Similarly, horses that became familiar with dogs at a young age will be much more tolerant of new dogs. Even the presence of barn cats can help horses perceive other predatory animals as non-threatening. The more they’ve been exposed in a positive way to novel stimuli, the more likely they are to maximize their genetic potential to be accepting of new experiences, particularly those related to those experiences.
Training is key
If you are introducing adult animals, both will require some basic but reliable skills so you can manage them effectively and prevent problems from arising. This is even more crucial if you are performing the introductions by yourself. Your horse should be able to stand quietly, back up on command and be responsive to lead pressure. Your dog should be able to sit and hold that position for several moments, and have a solid come-when-called. Ideally, you will have also taught him a “leave it” cue so that the dog happily ignores things (horses, barn cats, feed, etc.) when asked. Fido should also be able to walk on a leash without frantically pulling. In the beginning, you will have your dog on leash most of the time, but a tight leash is not only frustrating for the dog, but the added excitement it creates can be disturbing to the horse. These skills should be fluent in more places than just your living room or backyard before you take your dog to the barn.

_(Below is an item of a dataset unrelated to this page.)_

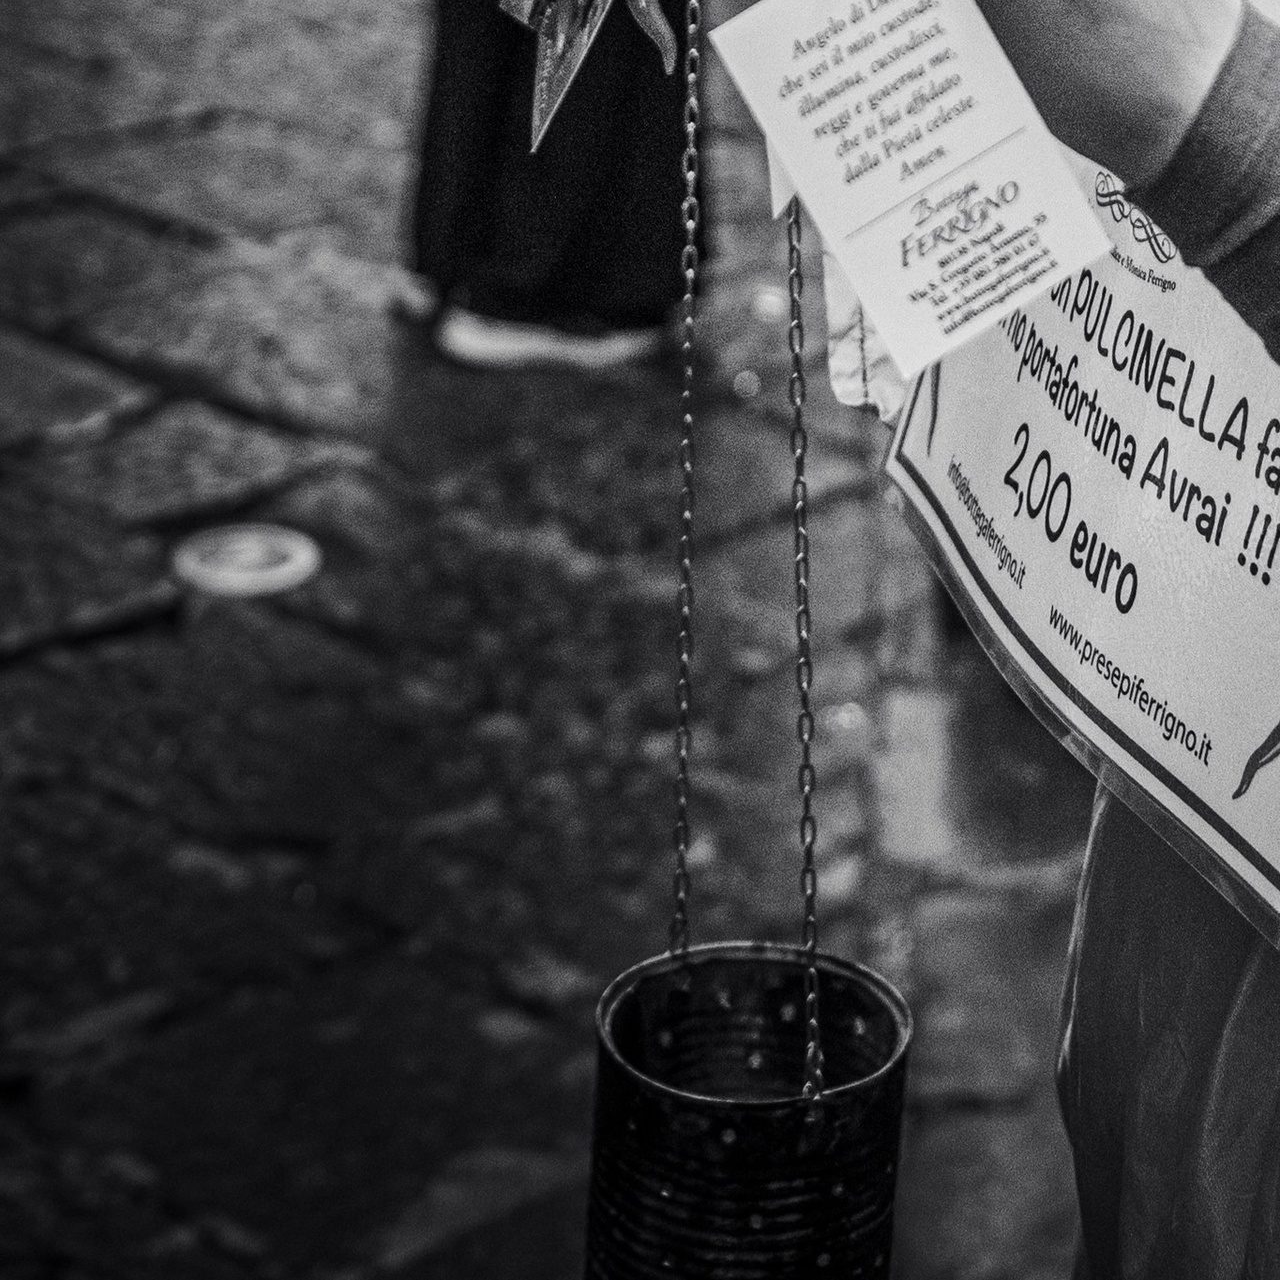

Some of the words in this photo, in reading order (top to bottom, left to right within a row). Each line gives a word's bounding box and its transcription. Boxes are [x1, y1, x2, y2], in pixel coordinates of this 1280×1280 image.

Andrea Harrison, a dog trainer and dressage rider in Picton, Ontario, owns several horses and dogs and also fosters both, so she is often performing introductions. “Dogs should have a very reliable recall in the face of temptation before being off leash anywhere near the horses,” she says. The smallest and oldest dogs are not ever allowed loose with the horses. “It’s just too easy for them to get hurt.”
Leash manners are important too. “Space is your friend…the dog should be on leash and a fair distance at first,” says Andrea. Keep him at a distance and “under threshold” (the spot where he is aware of the horse but is calm and not overly interested). You can move closer if you see that both animals are neither nervous nor overly excited. Feeding small treats (to either animal) can add positive associations.

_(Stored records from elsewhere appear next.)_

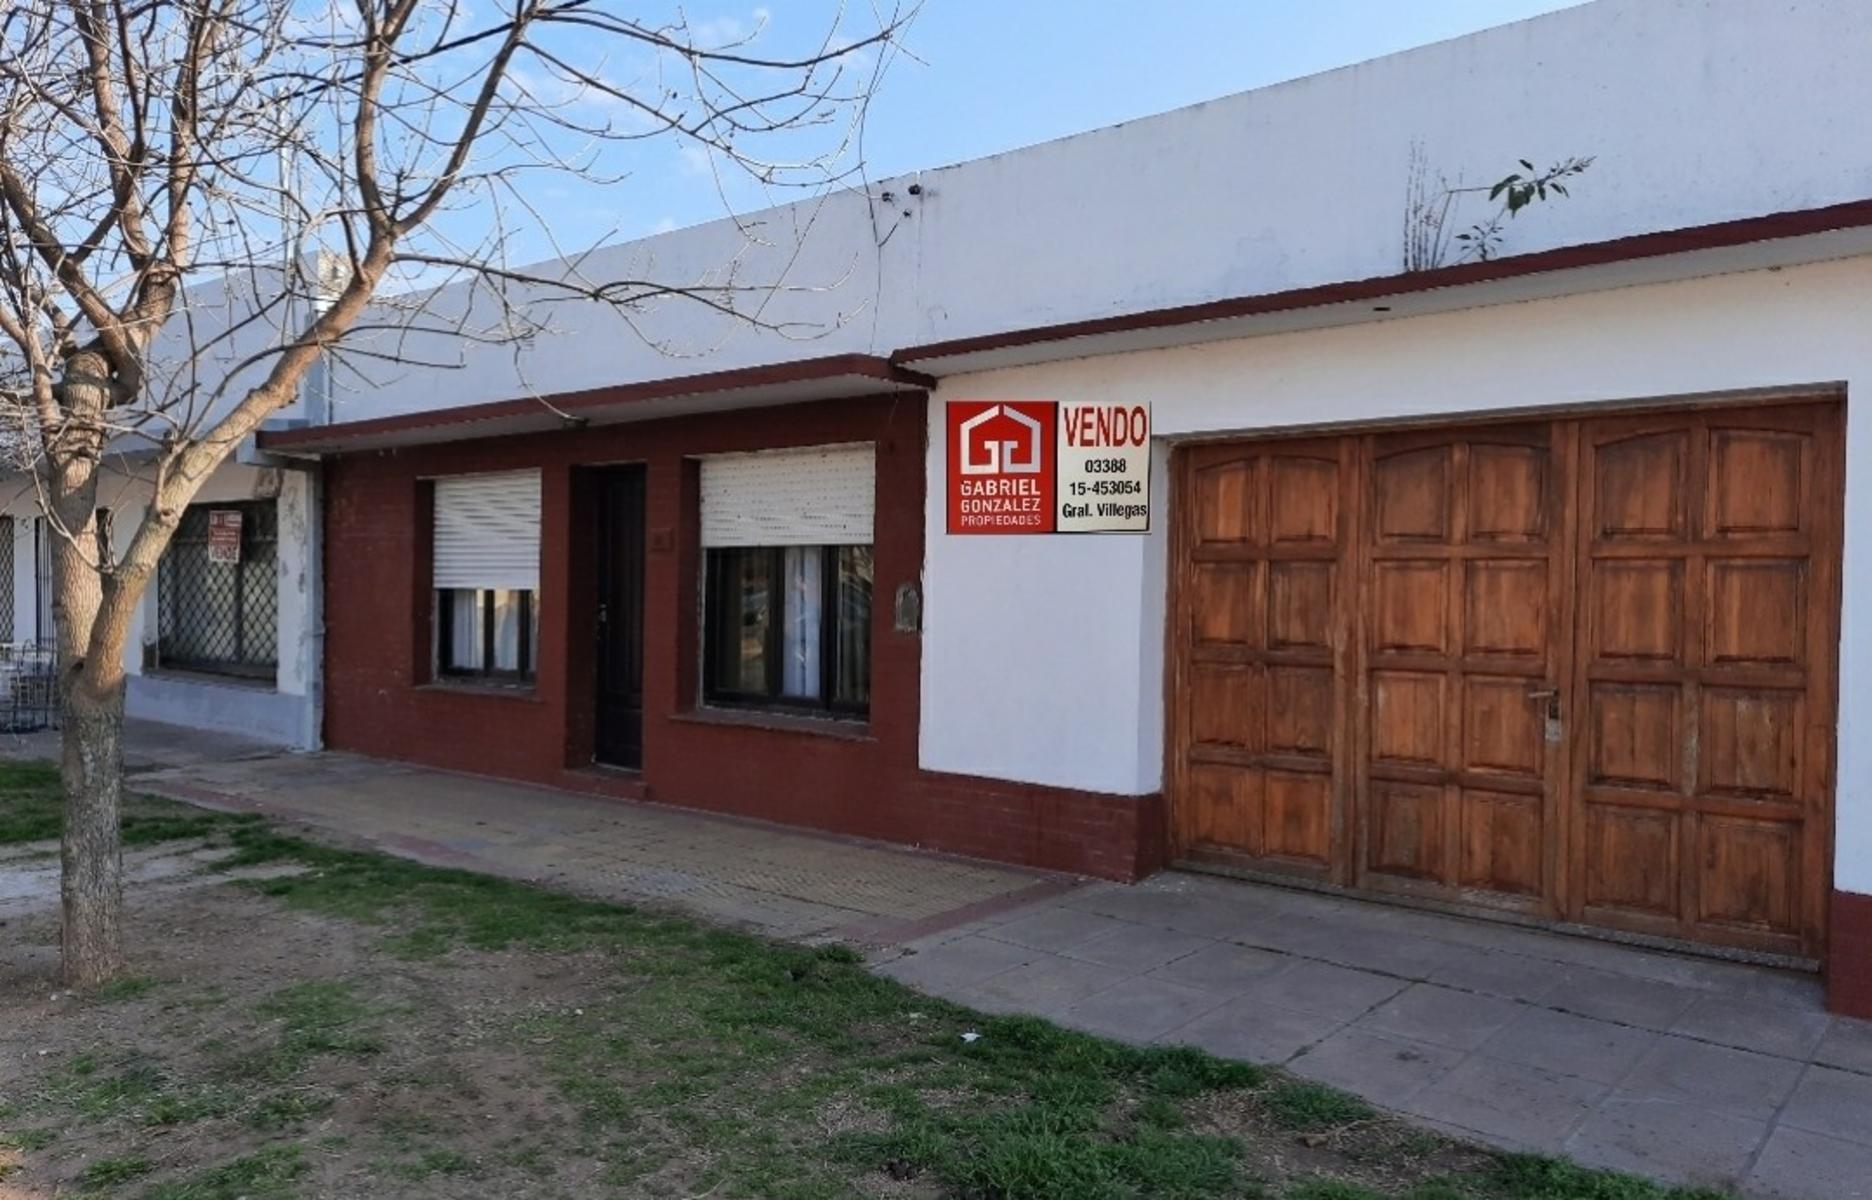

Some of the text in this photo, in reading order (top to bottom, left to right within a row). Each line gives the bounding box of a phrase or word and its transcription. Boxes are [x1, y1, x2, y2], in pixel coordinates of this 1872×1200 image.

[1064, 406, 1147, 448] VENDO
[1085, 458, 1126, 474] 03388
[961, 479, 1041, 496] GABRIEL
[1069, 481, 1142, 496] 15-453054
[961, 498, 1041, 513] GONZALEZ
[1063, 503, 1147, 520] Gral. Villegas
[961, 514, 1041, 527] PROPIEDADES

“My puppy is tied in the barn where she can see the horses and get to their doors, but not get into their stalls beyond the threshold of the door,” says Cassandra. She also uses props to keep everyone safe once the pup is given some freedom. “She met my horse Caesar over a muck bucket in the open door; he could reach over and sniff her, but there was a safe barrier.”
If you have any concerns that your dog or horse will be frightened and act out, make sure you have a helper to assist in the introductions. Take things slowly and watch for signs of anxiety or over-arousal in either animal. It is far better to err on the side of caution and end up with a peaceful relationship than to problem-solve after a negative experience.
Karin Apfel has been training dogs as DogSmart Training for over 20 years and is the president of the Sporting Detection Dogs Association. She rode both event and dressage horses in her misspent youth.